**Task item:**
Give back an exact copy of the listing that follows, without the pictures.

**Records to use:**
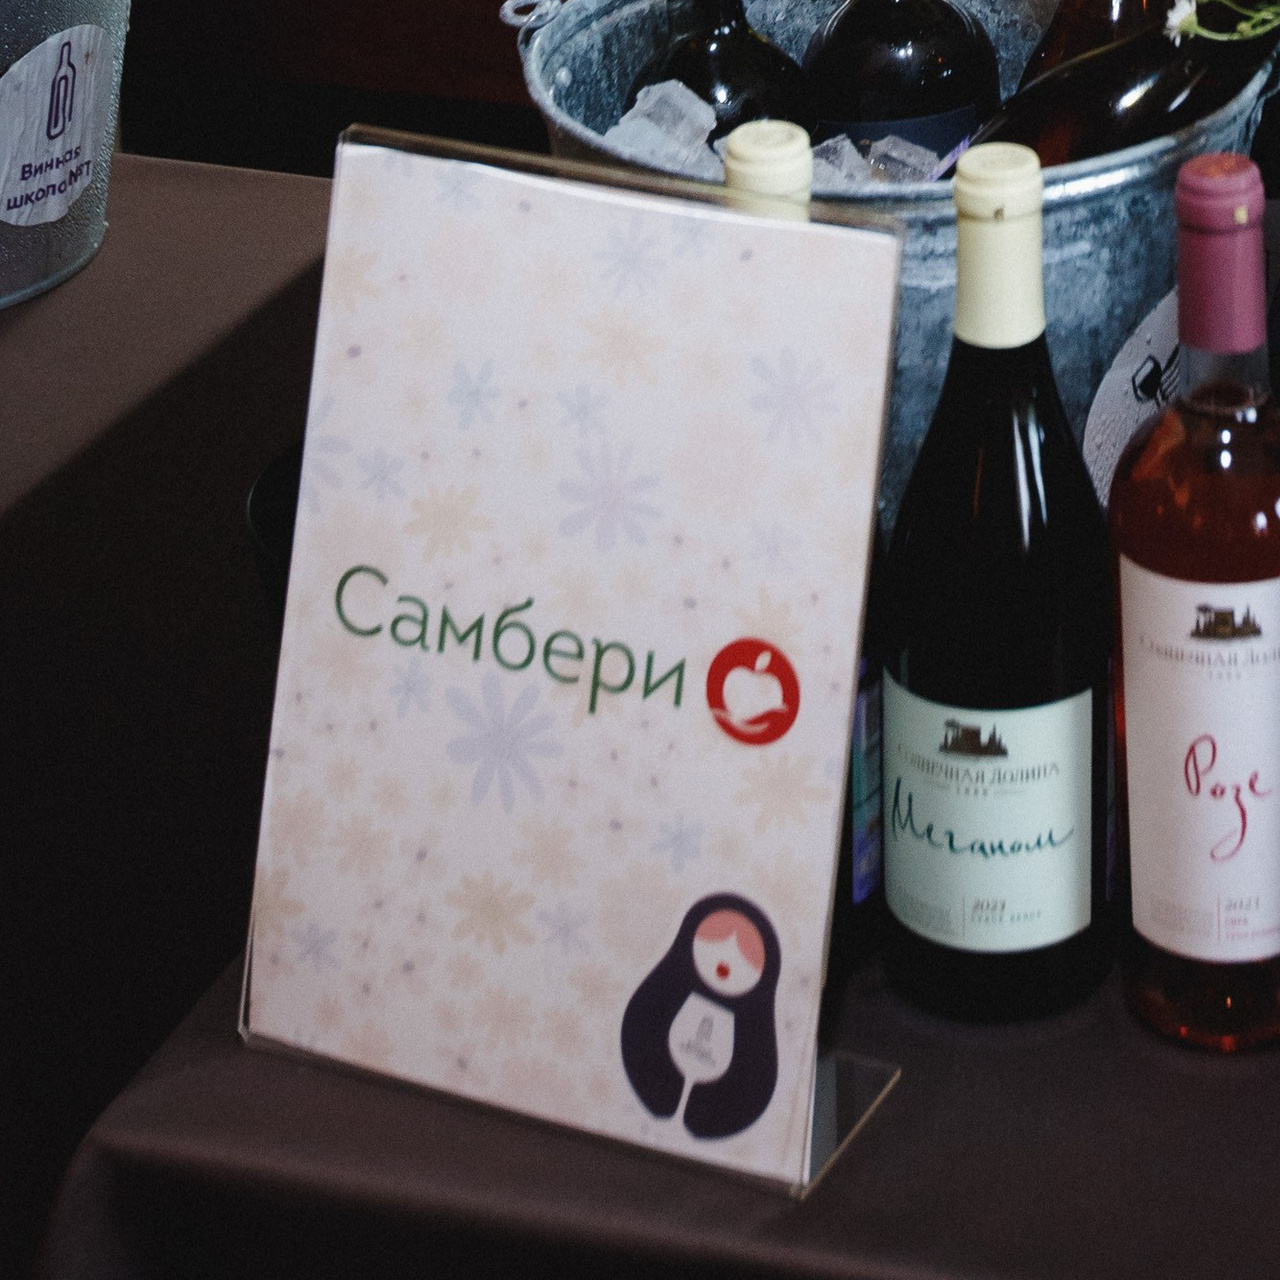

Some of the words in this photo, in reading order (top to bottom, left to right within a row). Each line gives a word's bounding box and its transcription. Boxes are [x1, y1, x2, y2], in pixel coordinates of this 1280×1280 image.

[6, 180, 67, 212] школа
[20, 145, 82, 181] Винная
[334, 563, 687, 716] Самбери
[890, 775, 1075, 859] Меганом
[1184, 733, 1273, 863] Розе

**Answer for this exercise:**
Some of the words in this photo, in reading order (top to bottom, left to right within a row). Each line gives a word's bounding box and its transcription. Boxes are [x1, y1, x2, y2], in pixel coordinates of this 1280×1280 image.

[6, 180, 67, 212] школа
[20, 145, 82, 181] Винная
[334, 563, 687, 716] Самбери
[890, 775, 1075, 859] Меганом
[1184, 733, 1273, 863] Розе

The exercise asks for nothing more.